Gary Winnick is an American financier best known for founding and being Chairman of Global Crossing between 1997 and 2002. He is widely regarded as having sold his shares in Global Crossing in advance of the collapse of his company and making a record windfall, to the detriment of shareholders and employees.

Early life[edit]

Winnick was born to an Jewish family[1] in 1952 and grew up in Brooklyn, New York. His father owned a restaurant-supply business.[1] When he was 16, he got his first job at a Howard Johnson's on Northern Boulevard.[2] He graduated from the C.W. Post University, part of Long Island University, in 1969.[3]


Drexel Burnham Lambert[edit]

Winnick joined Drexel Burnham in the 1980s and became head of Lambert's convertible bonds department. There he was a partner of Michael Milken who at that time used the junk bond business to rapidly increase revenue for the brokerage before it went bankrupt in early 1990 .[4]

Winnick & Company[edit]

In 1985, Winnick formed Pacific Capital Group, which was initially involved with private equity and restructuring. In 2013 the name of Pacific Capital Group changed to Winnick & Company. Winnick & Company has invested in a select group of industries, such as material science, health care, real estate and telecommunications.
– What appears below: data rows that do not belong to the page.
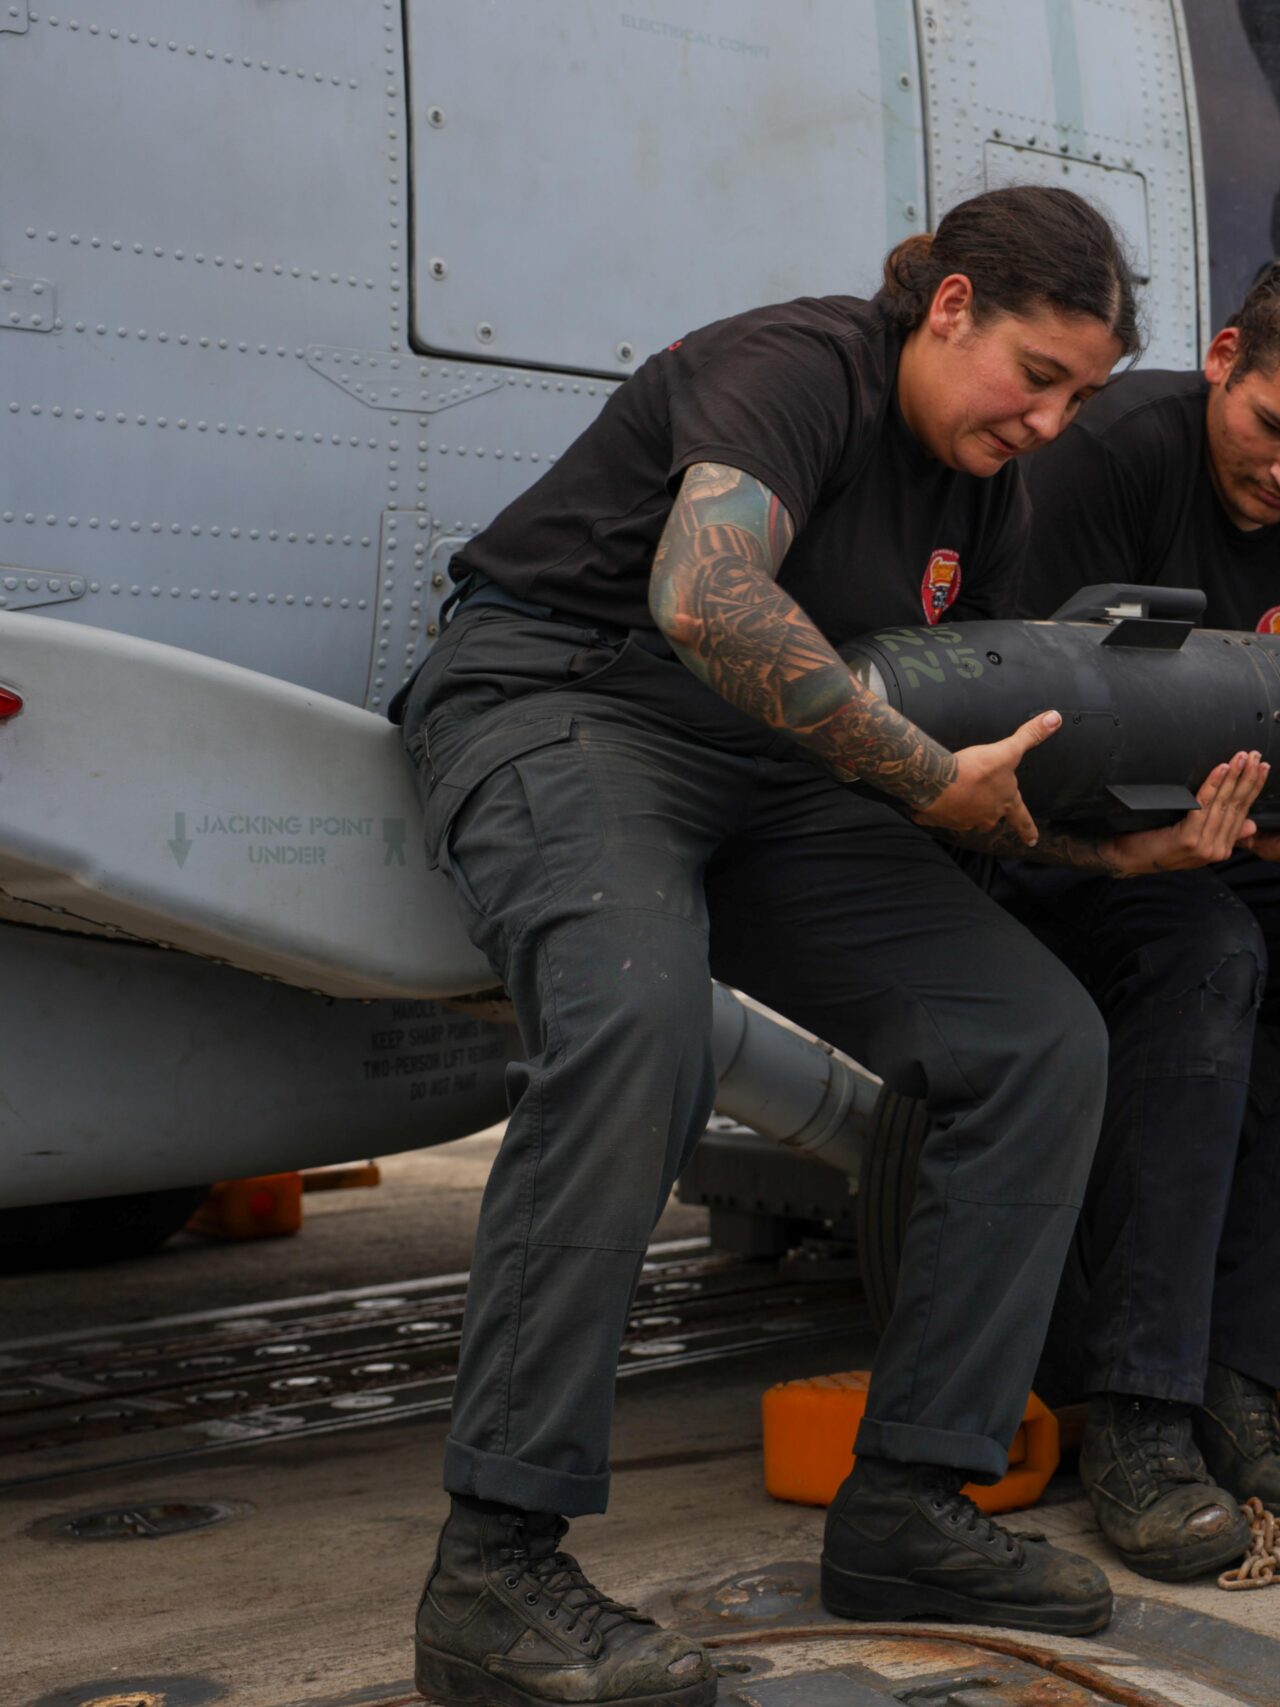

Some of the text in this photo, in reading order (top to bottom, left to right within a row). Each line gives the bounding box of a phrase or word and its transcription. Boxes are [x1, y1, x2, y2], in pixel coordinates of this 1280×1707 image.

[621, 13, 716, 48] ELECTRICAL
[195, 815, 375, 836] JACKING POINT
[248, 846, 326, 865] UNDER
[371, 1030, 404, 1050] KEEP
[409, 1024, 444, 1046] SHARP
[362, 1053, 440, 1080] TWO-PERSON
[444, 1048, 465, 1069] LIFT
[410, 1081, 426, 1101] DO
Global Crossing Limited[edit]

In 1997, Winnick founded Global Crossing Limited. Global Crossing laid the first privately financed underwater fiber optic cable network across the Atlantic Ocean[5] and partnered with Microsoft and Softbank Corp. to build a high capacity telecommunications network in Asia.[6] The company, which Winnick served as Chairman, went public in 1998.

In January 2002, Global Crossing reorganized under Chapter 11 bankruptcy protection and announced that Singapore Technologies Telemedia would take a controlling interest in the company. Winnick resigned as Chairman of Global Crossing in December 2002. Winnick made approximately $734 million by selling his shares in the company nine months before it collapsed,[7][8] and donated $25 million to Global Crossing employees who lost money in the company’s 401k retirement plan.[9]

In March 2004, Winnick and other former company executives agreed to pay a combined $325 million to settle a class-action lawsuit alleging fraud brought by shareholders. They did not admit wrongdoing in the settlement. Winnick agreed to pay $55 million under the deal.[10]


In 2006, Winnick founded a new company, iCrete. iCrete advanced concrete technology is being used to build One World Trade Center (Known now as the Freedom Tower) in New York City.[11] Additional projects include 8 Spruce Street, designed by Frank Gehry, and Eleven Times Square.[12]


Winnick founded The Winnick Family Foundation in 1983. As Chairman, he funds such initiatives as The Winnick Family Clinical Research Center at Cedars-Sinai Medical Center and The Winnick International Conference Center of the Simon Wiesenthal Center, Jerusalem.[13] He has endowed a Winnick Faculty Scholar at the Graduate School of Business at Stanford University. Winnick serves on several boards, including The Museum of Modern Art, The Simon Wiesenthal Center and Hillel International.

Winnick has funded student scholarships at Brown University, Cornell University, Syracuse University and the C.W. Post campus of Long Island University.[14] At Long Island University, he restored the Post Mansion and transformed the main cafeteria into the Arnold S Winnick Student Center, named in memory of his late father.[15] Among the many grantees the foundation supports are the Winnick Popular Library at the Los Angeles Central Library,[16] Teach for America, the Winnick Family Children's Zoo in Los Angeles Zoo, Skirball Cultural Center's Winnick Hall, and the Los Angeles Police Foundation.[17]

Personal life[edit]

He received an honorary doctorate from his alma mater, C.W. Post University, in 2004.[18] He is married to his wife, Karen Beth Winnick; they have three sons.[1] Karen is an author, illustrator, and publisher of children's books.[19][20]